Output each record below exactly. No images go in the copy.

Images for object localization

▽

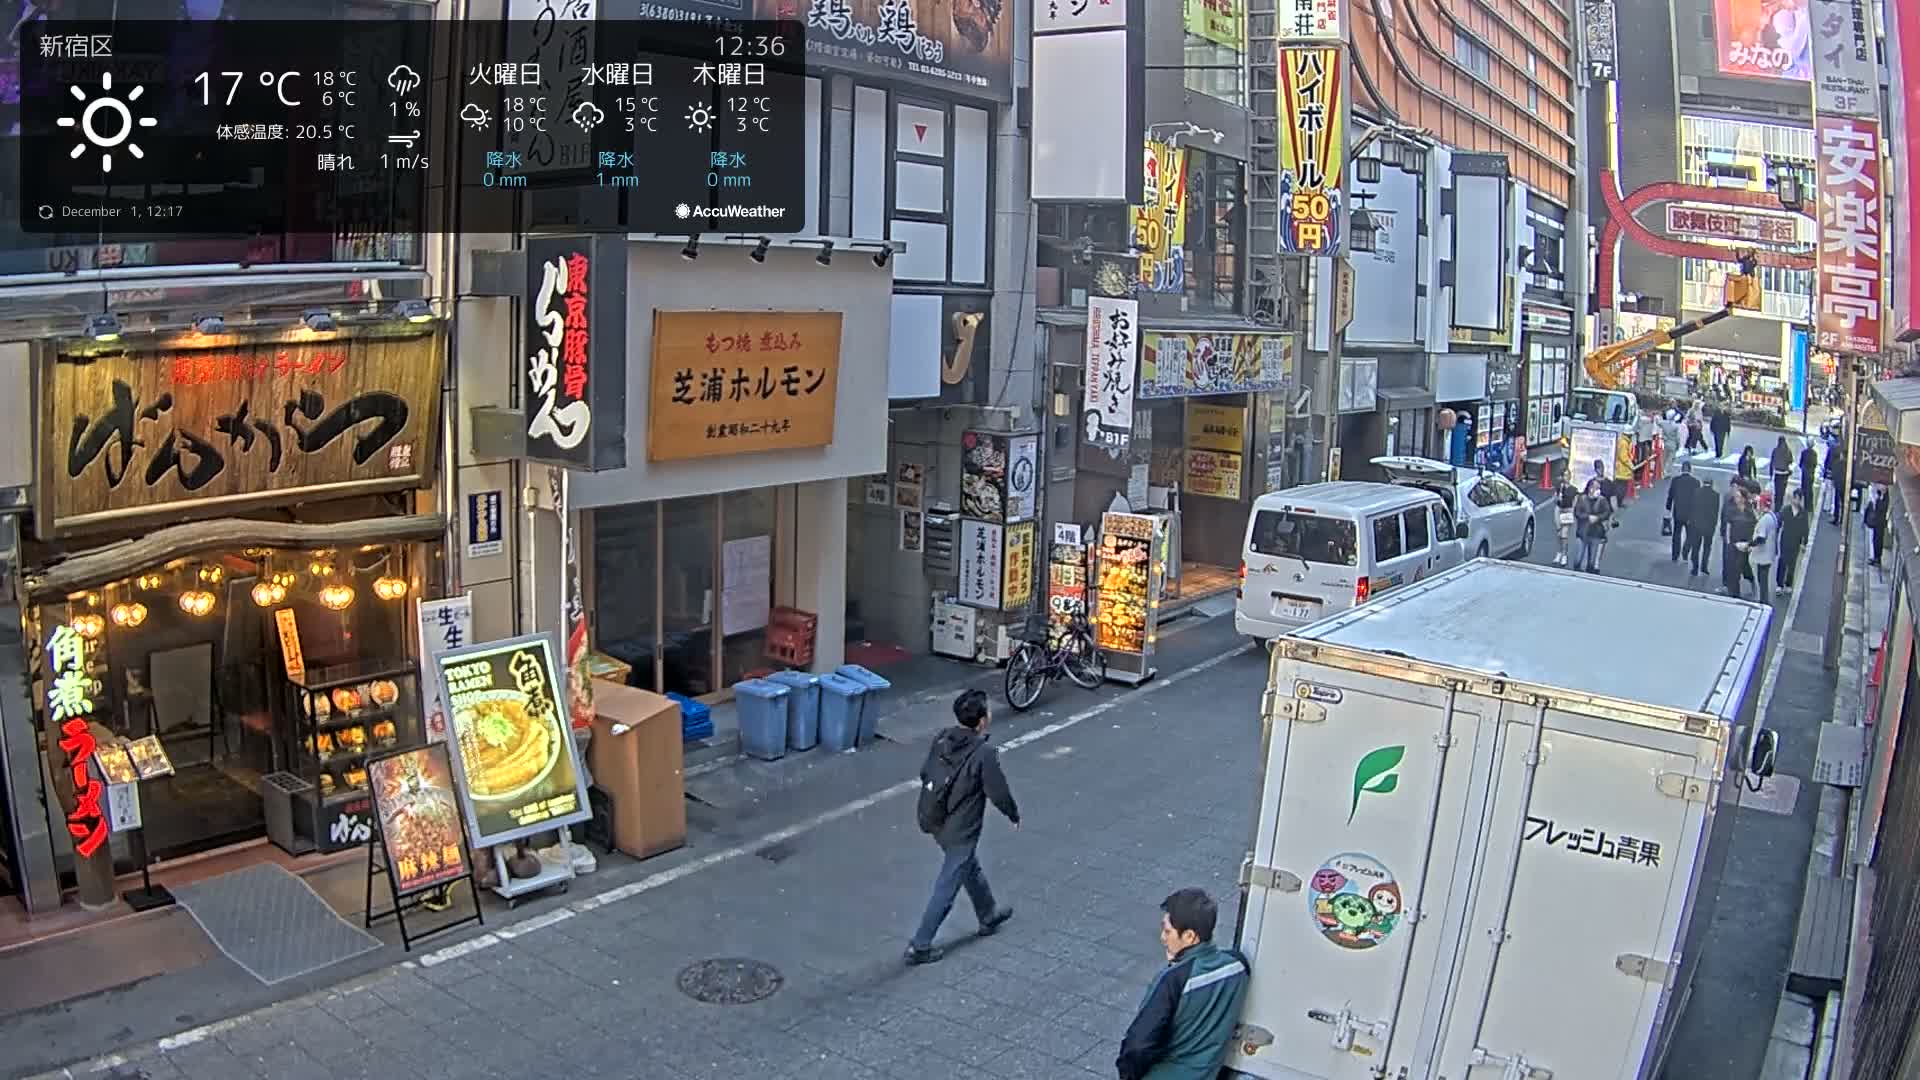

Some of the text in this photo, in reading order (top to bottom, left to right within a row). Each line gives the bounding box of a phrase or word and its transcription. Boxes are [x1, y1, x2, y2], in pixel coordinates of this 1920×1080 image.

[1591, 62, 1612, 78] 7F
[1821, 83, 1870, 95] RESTAURANT
[1834, 95, 1857, 110] 3F
[1297, 51, 1324, 190] ハイボール
[1164, 147, 1178, 288] ハイボール
[1821, 124, 1878, 328] 安楽亭
[563, 251, 590, 400] 東京豚骨
[1821, 331, 1839, 346] 2F
[1104, 308, 1132, 414] お好み焼き
[672, 365, 827, 405] 芝浦ホルモン
[1105, 431, 1129, 446] B1F
[444, 660, 492, 681] TOKYO
[447, 674, 493, 694] RAMEN
[1523, 814, 1662, 868] フレッシュ青果
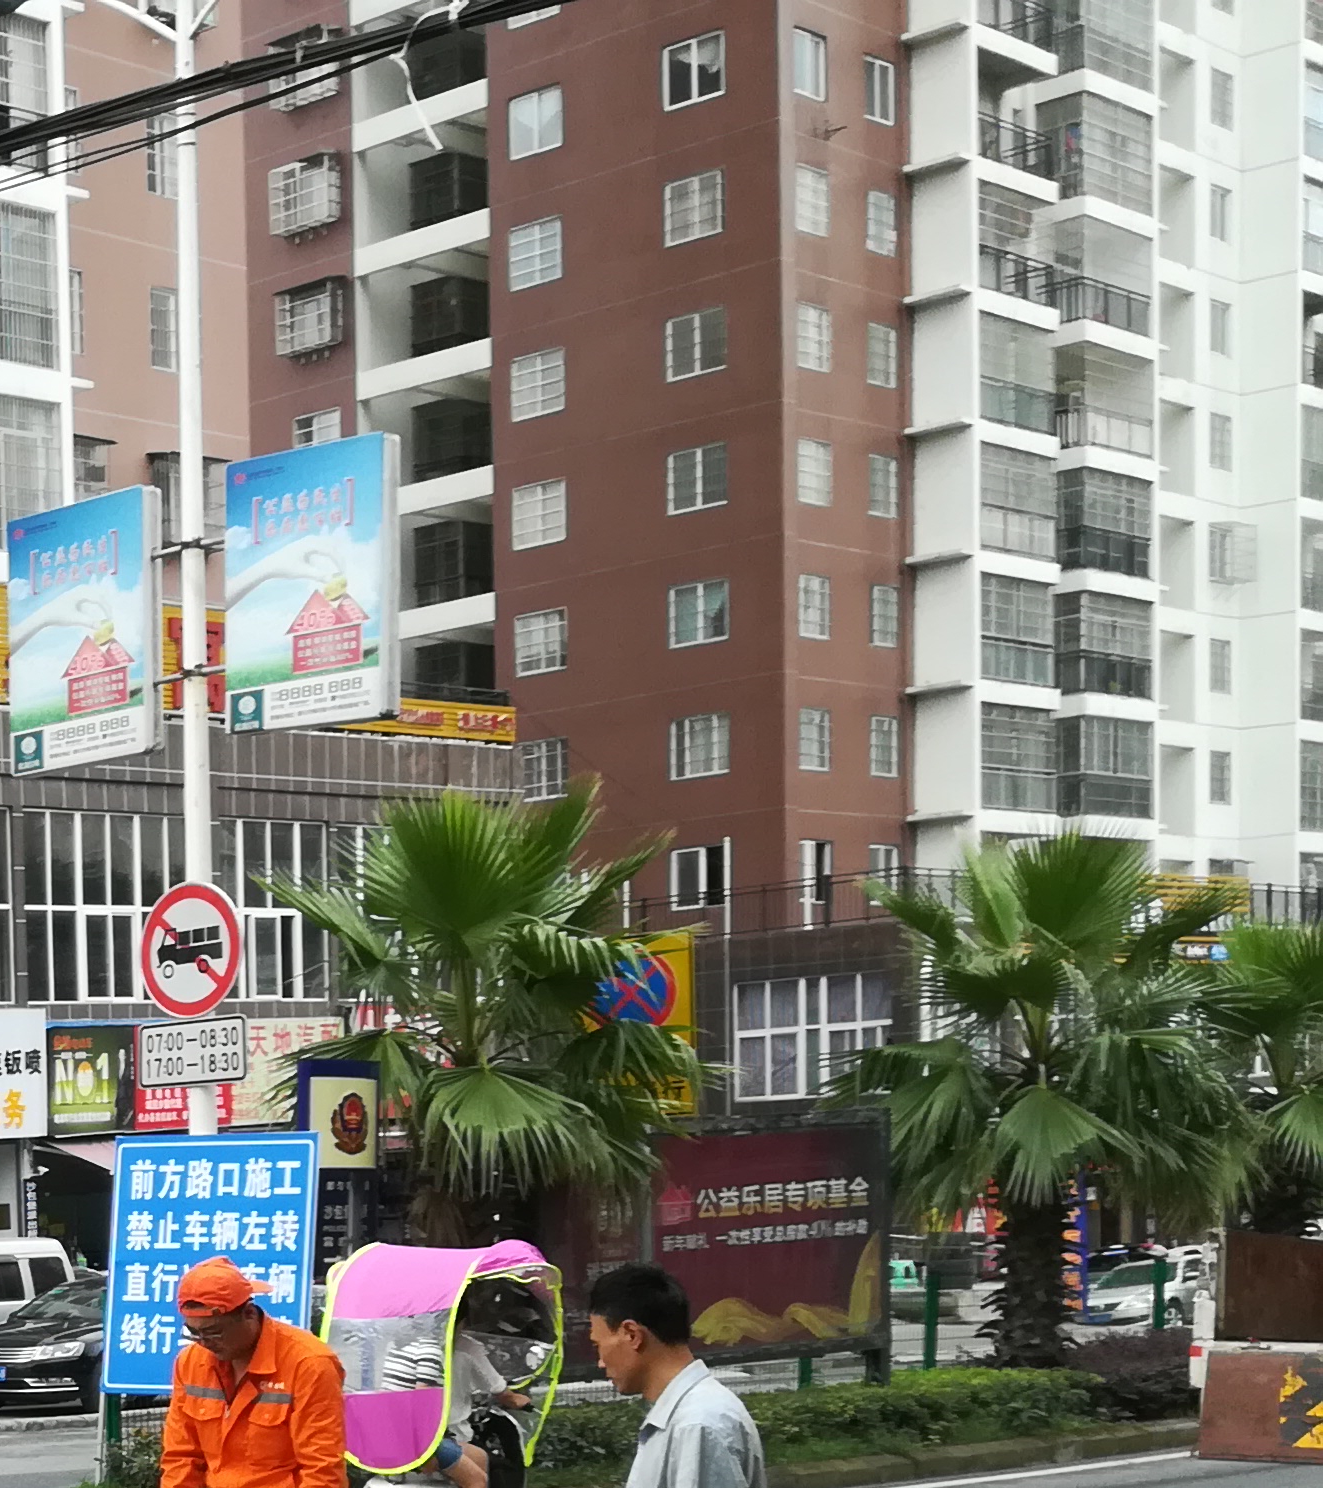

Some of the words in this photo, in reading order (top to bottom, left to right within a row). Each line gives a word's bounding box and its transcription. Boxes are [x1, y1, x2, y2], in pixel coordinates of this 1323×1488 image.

△

Result of the task —
Some of the text in this photo, in reading order (top to bottom, left to right within a row). Each line gives the bounding box of a phrase or word and its transcription. Boxes are [x1, y1, x2, y2], in pixel coordinates of this 1920×1080 image.

[1591, 62, 1612, 78] 7F
[1821, 83, 1870, 95] RESTAURANT
[1834, 95, 1857, 110] 3F
[1297, 51, 1324, 190] ハイボール
[1164, 147, 1178, 288] ハイボール
[1821, 124, 1878, 328] 安楽亭
[563, 251, 590, 400] 東京豚骨
[1821, 331, 1839, 346] 2F
[1104, 308, 1132, 414] お好み焼き
[672, 365, 827, 405] 芝浦ホルモン
[1105, 431, 1129, 446] B1F
[444, 660, 492, 681] TOKYO
[447, 674, 493, 694] RAMEN
[1523, 814, 1662, 868] フレッシュ青果

Some of the words in this photo, in reading order (top to bottom, left to right within a row). Each line gives a word's bounding box and its transcription. Boxes are [x1, y1, x2, y2], in pixel coordinates of this 1323×1488 image.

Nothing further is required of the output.